I do care when it comes to buying stuff that is of bad quality. I have an major issue with cheap clothes that fall apart after one wear. It's just not worth it; not to mention that if the clothes are really that cheap - where were they made and by whom? I talk to my daughter about sweatshops when she comes home from town with items that cost £5. You get what you pay for.

I find I look back on myself in my twenties and wonder what on earth I did care about compared to now?! In ways that I can hardly fathom, I had so little to be concerned about, in reality. Those heady days of just being me, my studies or later on my graduate job, what to wear, who to go out with at the weekend. Simple times. Now there are so many things that I can hardly count them!

But in some ways I have let go of a lot of cares that used to plague me. Wondering who liked me and who didn't, and endless obsessing about my hair (OK, so really that was is still with me, just decreased!). It's true that as time passes you do get more comfortable in your own skin and more able to make judgements about life situations. It's uncanny how it happens; almost imperceptibly through your thirties until now...well now I am a matter of weeks away from my 40th birthday and I am full of these thoughts.

Did I mention I was turning 40? The mid-life crisis is in full swing! How long does this last? Does anyone know...by this time next year will I be through it?!



City girls...

posted on: Friday, 21 February 2014

I spent yesterday in London; as ever, struck by the metropolis that is our capital. On the tube I spied two girls who looked like they had fashion credentials, dressed in a way that rarely occurs in the home counties where I live. Some observations: sleek, healthy hair - do they have a professional blow-dry every morning? Manicured nails in glossy, deep red.


They were fresh-looking - despite the fact that London pollution seems to grip me the minute I get there and on return home to my rural idyll I feel a need to jump in the bath, wash my hair, scrub every pore. Speaking of pores I did try Glam Glow this week - oh my goodness. In short an amazing beauty product. It feels a bit like an anthropological experiment walking about with a mud-green face and I definitely scared the puppy who, with titled head, followed me about curiously. But the after effect was the cleanest skin I have had for months. For a deep winter cleanse - this stuff is awesome.

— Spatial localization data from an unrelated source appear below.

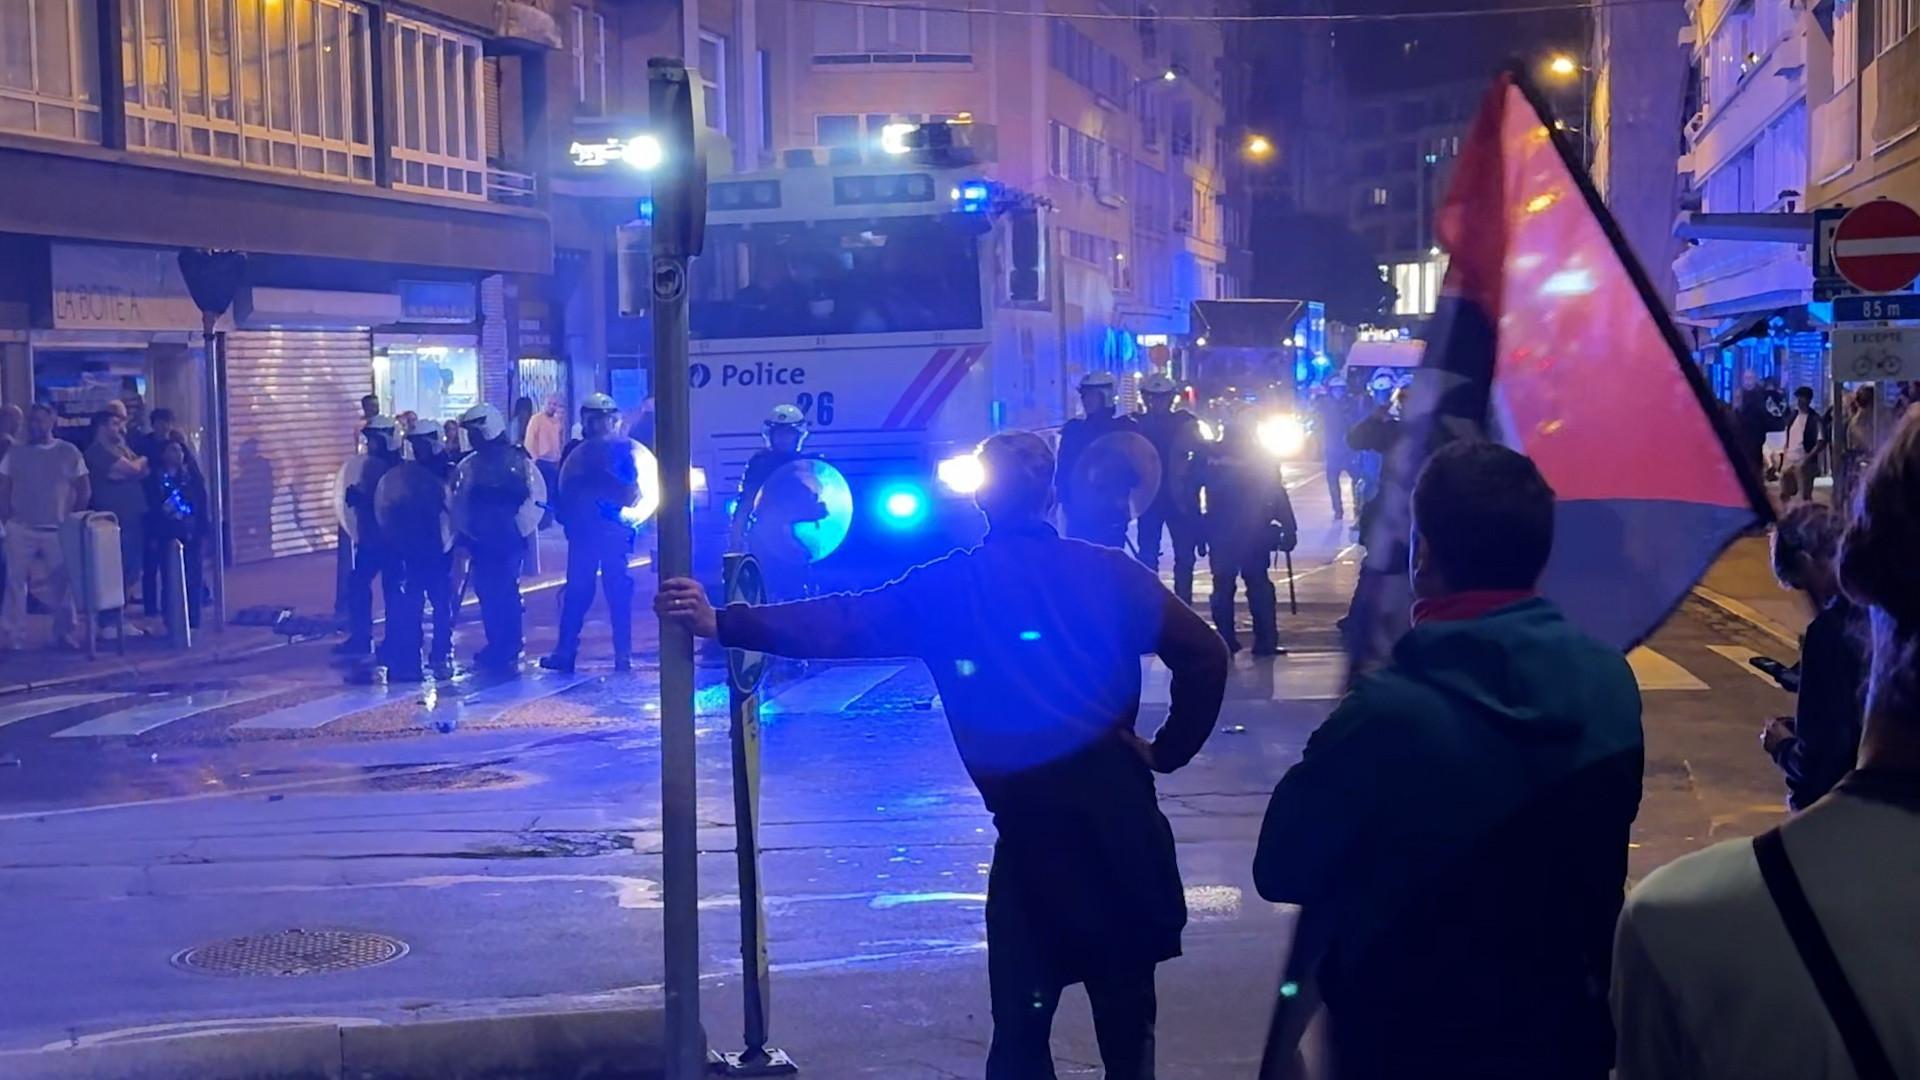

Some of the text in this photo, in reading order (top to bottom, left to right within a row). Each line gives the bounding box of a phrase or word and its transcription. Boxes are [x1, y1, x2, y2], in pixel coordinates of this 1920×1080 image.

[1862, 301, 1900, 317] 85 m
[722, 362, 806, 386] Police
[796, 391, 834, 426] 26
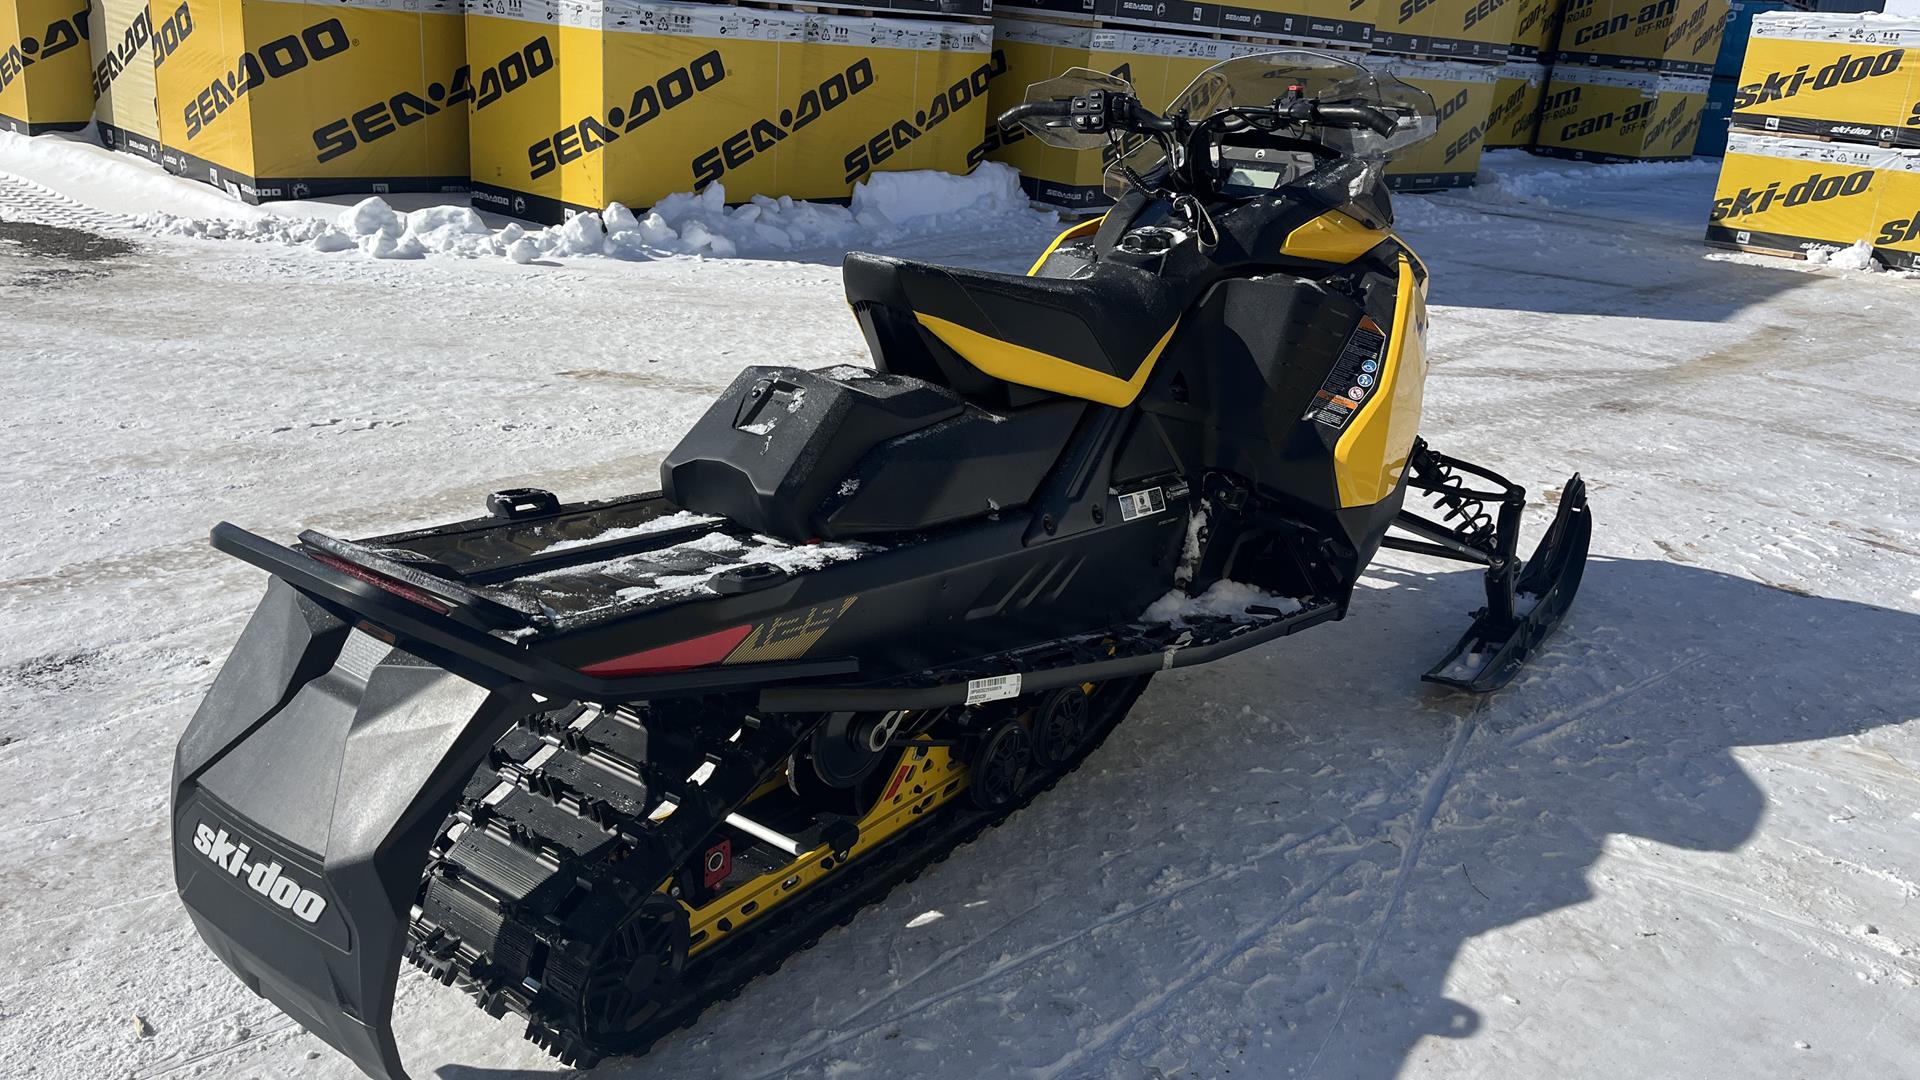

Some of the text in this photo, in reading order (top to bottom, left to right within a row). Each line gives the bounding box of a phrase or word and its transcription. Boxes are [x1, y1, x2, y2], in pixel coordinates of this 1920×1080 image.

[1734, 49, 1905, 109] ski-doo
[1830, 125, 1872, 136] ski-doo
[1711, 171, 1875, 221] ski-doo
[192, 823, 327, 923] ski-doo

Anyway, back to the girls on the tube...cool clothes in classic shapes and colours but luxe, with hints of lovely detail. Grosgrain piping on a military shaped black wool coat. High-shine boots not scuffed by city (or country) life. Good leather handbags in elegant hues. Everything just so. Artfully wrapped scarves. They got on at Piccadilly and off at Baker Street. It made me get that yearning to be young and in the city - this is not exactly a regret of mine as I don't feel regret for my life choices. But I do get wistful of things I could have done and didn't. I never lived in London. It wouldn't have been me. But these girls, who were probably 23 or so - looked fabulous. What a great age 23 was! When I was 23 I was working in publishing, writing children's books (the cat sat on the mat) and planning for my incredible life. Hah. And here I am ;-)

I do wonder why it is quite so hard to achieve these city girl looks? I define it as the Olivia P style - never undone, never shabby, well-dressed, stylish jewellery but quirky and interesting. Seemingly oh so hard to do!

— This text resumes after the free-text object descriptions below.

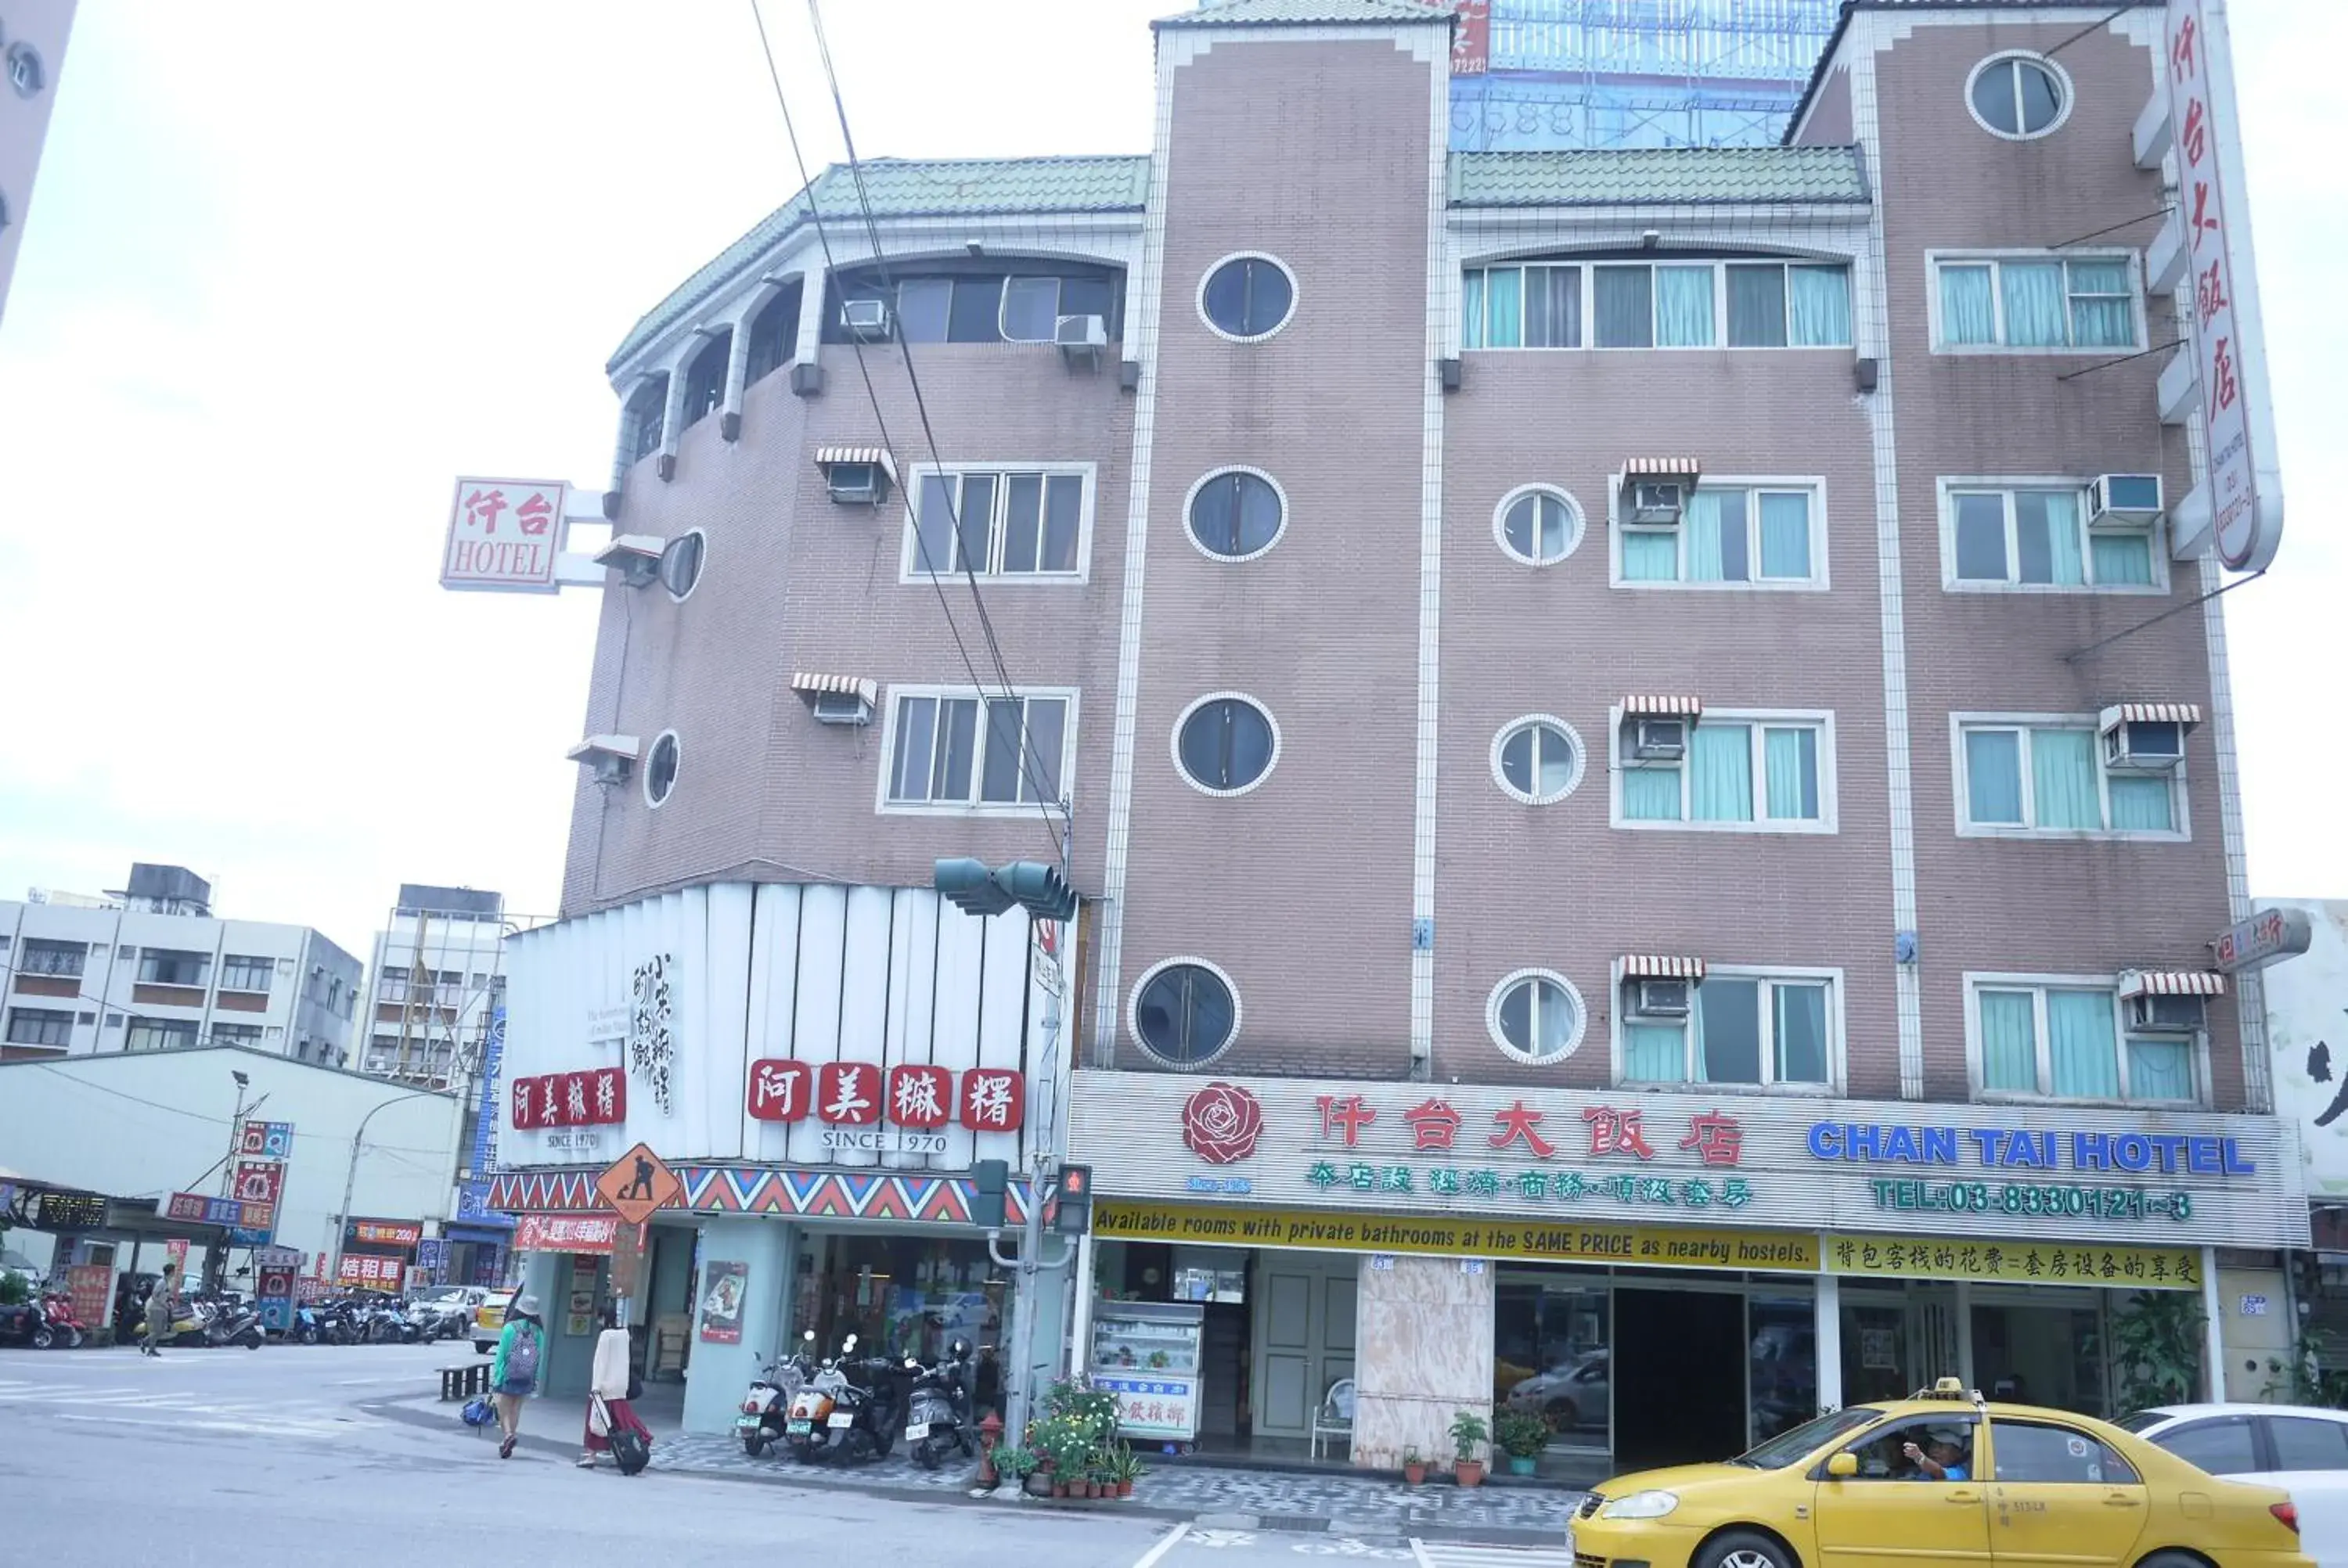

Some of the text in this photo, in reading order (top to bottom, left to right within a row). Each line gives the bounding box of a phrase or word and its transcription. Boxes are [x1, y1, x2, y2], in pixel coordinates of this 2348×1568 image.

[465, 489, 552, 535] 仟台
[453, 540, 546, 576] HOTEL
[547, 1133, 597, 1148] SINCE 1970
[823, 1131, 947, 1153] SINCE 1970
[1316, 1095, 1746, 1166] 仟台大飯店
[1808, 1120, 2256, 1174] CHAN TAI HOTEL
[1096, 1210, 1810, 1264] Available rooms with private bathrooms at the SAME PRICE as nearby hostels.

I read an article that said that women like me (40, country, mummy) wear this uniform: skinnies, cashmere sweater, diamond stud earrings and a fur gilet. Big hair. Think Liz Hurley. Hmmm not sure it's quite that formuliac but I do know women who are in that arena.

Is it weather related? I am British and ultimately everything boils down to the weather but I have to say - this winter has been a sartorial challenge! I wonder, if you live in a sunnier climate, that your choices are wider and things don't seem so dreary? One to muse and we try our best and sometimes I don't even try at all and favour comfort and grey.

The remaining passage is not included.